Die Zeltinger Sonnenuhr
Markus erntet, wie alle großen Winzer an der Mosel, sehr spät, bis weit in den Monat November hinein. Manchmal verzögert er die Ernte sogar bis in den Dezember. Nach dieser ausgesprochen späten und selektiven Lese (10-12 Selektionsgänge von Oktober bis Dezember) werden die Beeren mit Hilfe kleiner Traubenbehälter möglichst unzerquetscht in die großen unterirdischen, in die Felsen geschlagenen, Sommer wie Winter ideal temperierten Kelleranlagen transportiert, gemahlen und dann möglichst schonend gekeltert. Der durch reine Sedimentation geklärte Most gärt anschließend unter ausschließlicher Verwendung von weineigenen Hefen in den alten Gewölbekellern unter natürlich kühlen Bedingungen, teils im Stahltank, teils im traditionellen Holzfass. Denn Markus ist der festen Überzeugung, dass alle großen Weine (wenigstens für eine gewisse Zeit) im Holzfass gelegen haben sollten. Nach Abschluss der Gärung gönnt er seinen Weinen ein relativ langes Lager auf der Feinhefe, wie das früher an der Mosel Tradition war, bevor sie leicht filtriert abgefüllt werden, damit der Wein sich eine große Frische und eine lange Lebensdauer in der Flasche bewahren kann.

Panoramablick über die majestätischen Steillagen von Zeltingen
Was Markus Molitor besonders auszeichnet: Sein Sortiment fällt regelmäßig so homogen gut aus wie bei kaum einem anderen Moselwinzer. So vergibt Eichelmann („Deutschlands Weine 2007”) dem Weingut 5 Sterne und urteilt begeistert: „Markus Molitor wird immer besser. Waren die 2004er schon von erstaunlicher Brillanz, wirken die 2005er noch eindrucksvoller”! Recht hat der Kerl. Aber 2006 hat sich Markus definitiv selbst übertroffen: Eine sensationelle Kollektion wie aus einem Guss! Mit großer Freude präsentieren wir Ihnen daher heute unsere Selektion aus dem großartigen Jahrgang 2006 in einer Qualitätsliga, die auch Weltklassewinzern sehr selten in ihrer Laufbahn gelingen!

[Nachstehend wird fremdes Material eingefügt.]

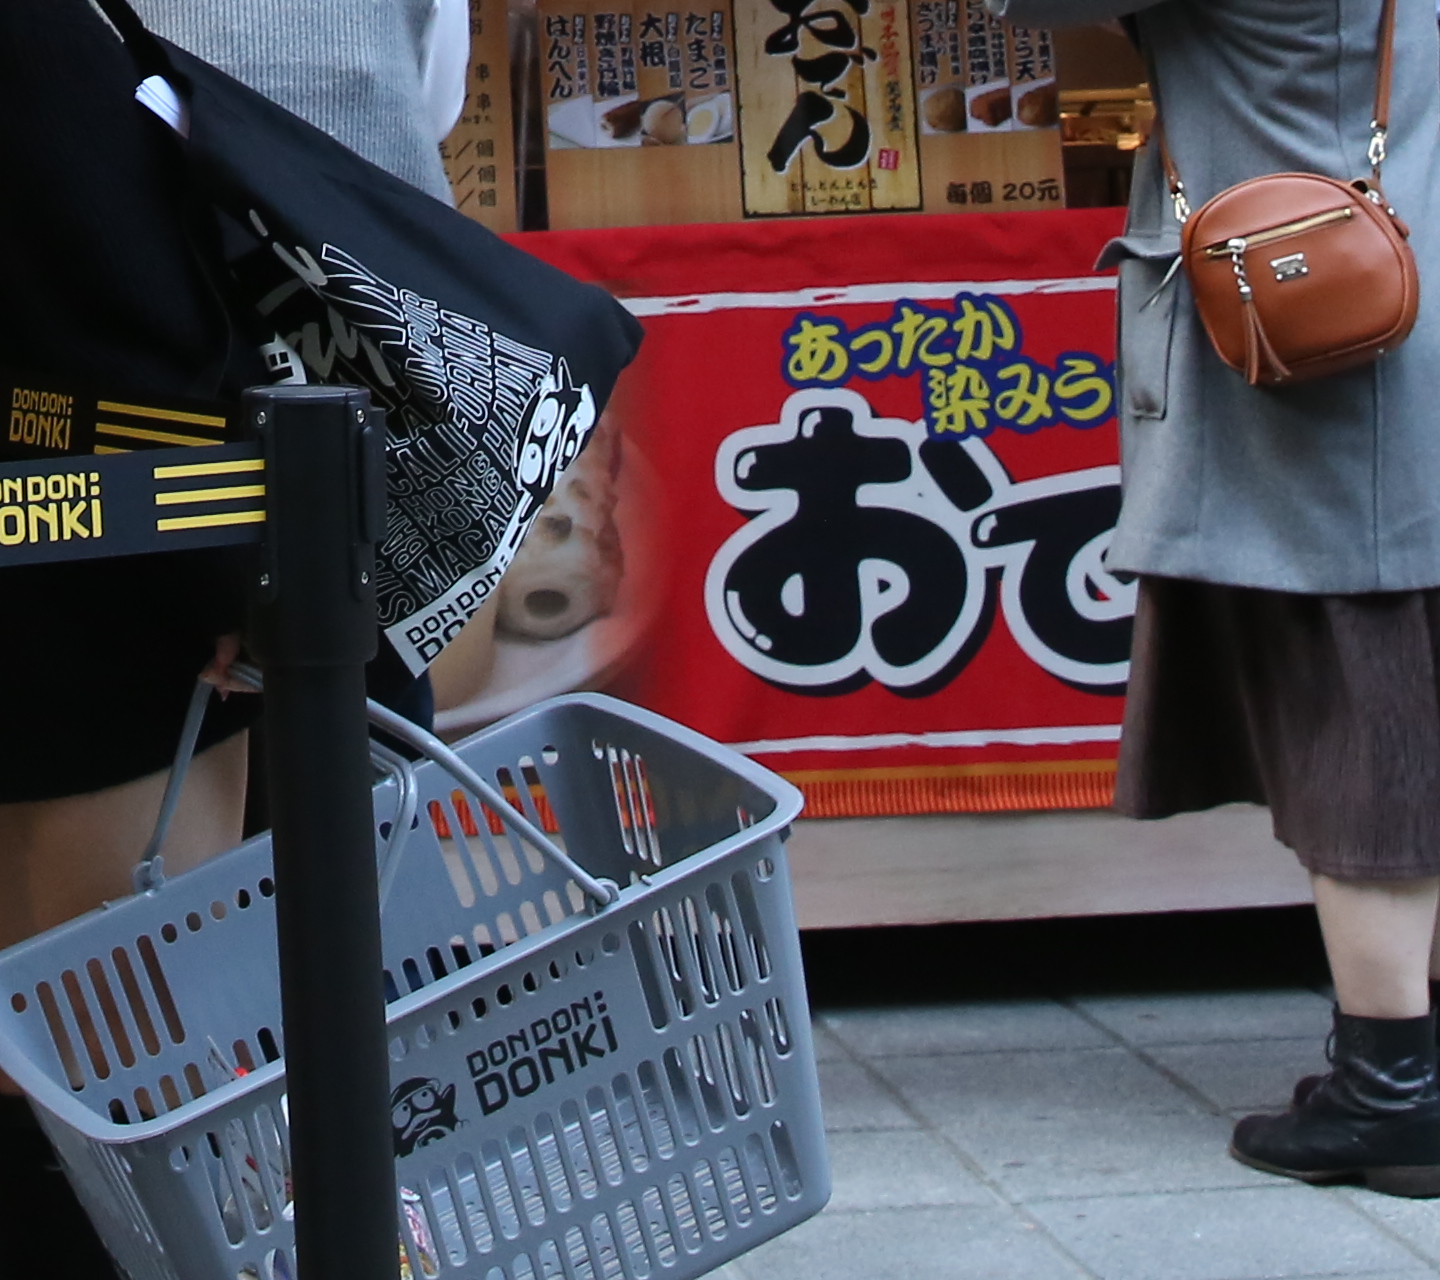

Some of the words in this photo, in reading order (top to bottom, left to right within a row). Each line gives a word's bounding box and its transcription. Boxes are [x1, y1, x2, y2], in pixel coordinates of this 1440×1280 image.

Diese höchst animierenden Rieslinge voll innerer Harmonie sind wahrlich eine traumhafte Vermählung zwischen moselanischer Tradition und Moderne und Schluck für Schluck eine vinologische Liebeserklärung an die besten und steilsten Rieslinglagen der Welt!
P.S.: Immer wieder, wenn ich in einem guten Restaurant trockene, feinherbe oder auch fruchtsüße Molitor-Rieslinge finde, die bereits ein paar Jahre der Flaschenreifung hinter sich haben, ordere ich diese mit großer Vorfreude und bin jedes Mal begeistert: Diese fabelhaften, tänzerisch-schwebenden, feinsinnigen, ungemein dichten und traumhaft mineralischen Rieslinge schmecken solo getrunken hervorragend und sind schlichtweg geniale Essensbegleiter. Ganz wenige trockene Rieslinge nur präsentieren sich nach Jahren der Flaschenreifung so knackig frisch und glockenklar mineralisch wie die Weltklassegewächse von Markus Molitor!